With victuals eaten and Scotch egg crumbs all over the seats, we slid open the door and once again returned to the wind-swept beach on a mission to find dinosaur footprints.
This time, we went left, at the foot of the rusty steps. As we rounded Hanover Point I was again feeling doubtful but we continued to the “seam” of rock, and climbed up and over large rocks. We looked all around and saw nothing but rock pools and rocks and a slowly advancing tide. A mother and her child were playing nearby and I asked if she knew where our elusive footprints could be found. I felt a bit stupid as she pointed to a rock just below my feet.
“Wow! Kids quick, look – dinosaur footprints!” I shouted, pretending I’d not asked the helpful woman and instead was the first human to discover them. My kids saw through my deception but were nonetheless impressed.
We all gathered around in awe and stared down at the very clear three-toed footprint.
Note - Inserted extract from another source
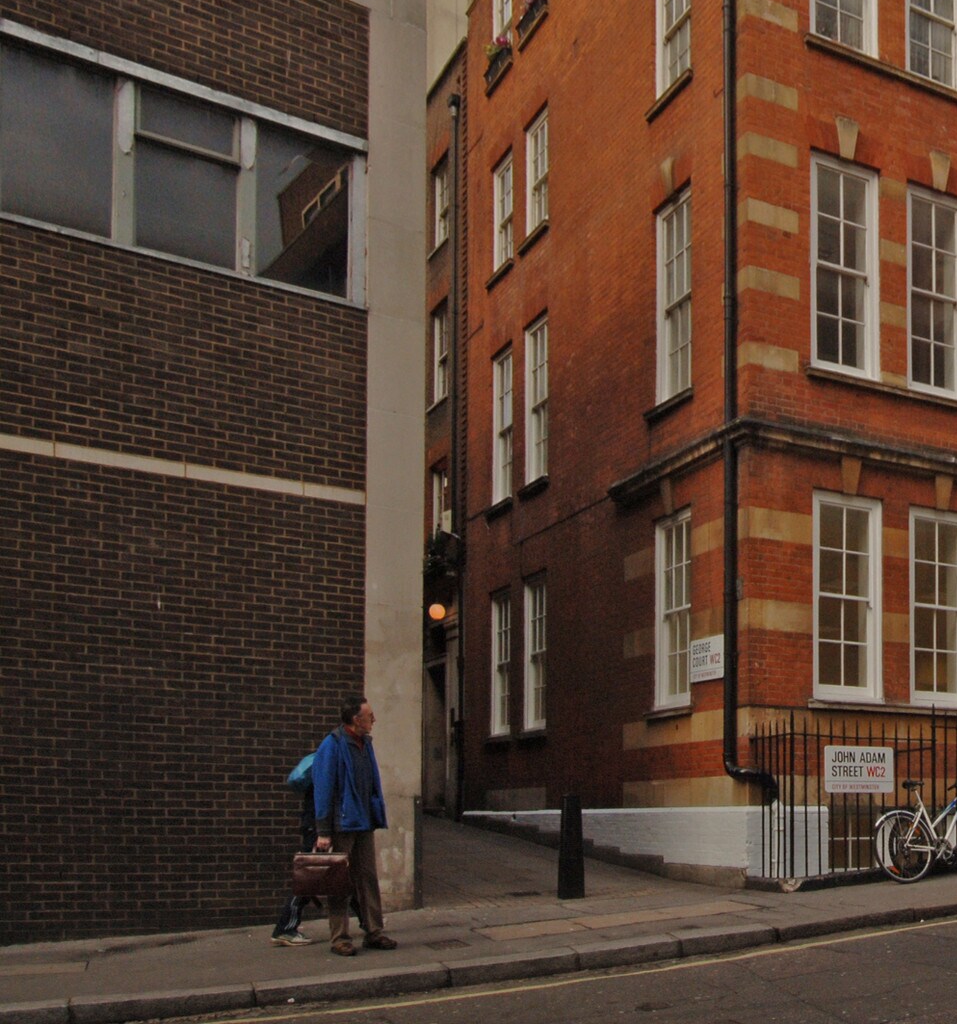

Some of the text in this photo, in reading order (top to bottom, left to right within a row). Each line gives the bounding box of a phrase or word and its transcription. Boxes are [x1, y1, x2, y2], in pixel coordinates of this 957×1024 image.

In fact it was not a footprint, but more of a foot cast, where a dinosaur had plodded into soft sand. (More helpful info about it all on Simon Perry’s fossil video blogs here). Then as we stepped from stone to stone we discovered more foot casts, some with obvious claws and others with rounder toes. There was one, half in the water, where the children enjoyed stepping on to escape the advancing tide rushing over the sand towards them, bubbling water encircling their three-toed prehistoric island.
We went home that day very happy that we’d finally seen the dino footprints. Only a few days ago, with the sun finally out and much warmer, we returned with mummy. This time the tide was further in but we still saw the foot casts and also some others along the beach we’d not seen before, buried in wet sand.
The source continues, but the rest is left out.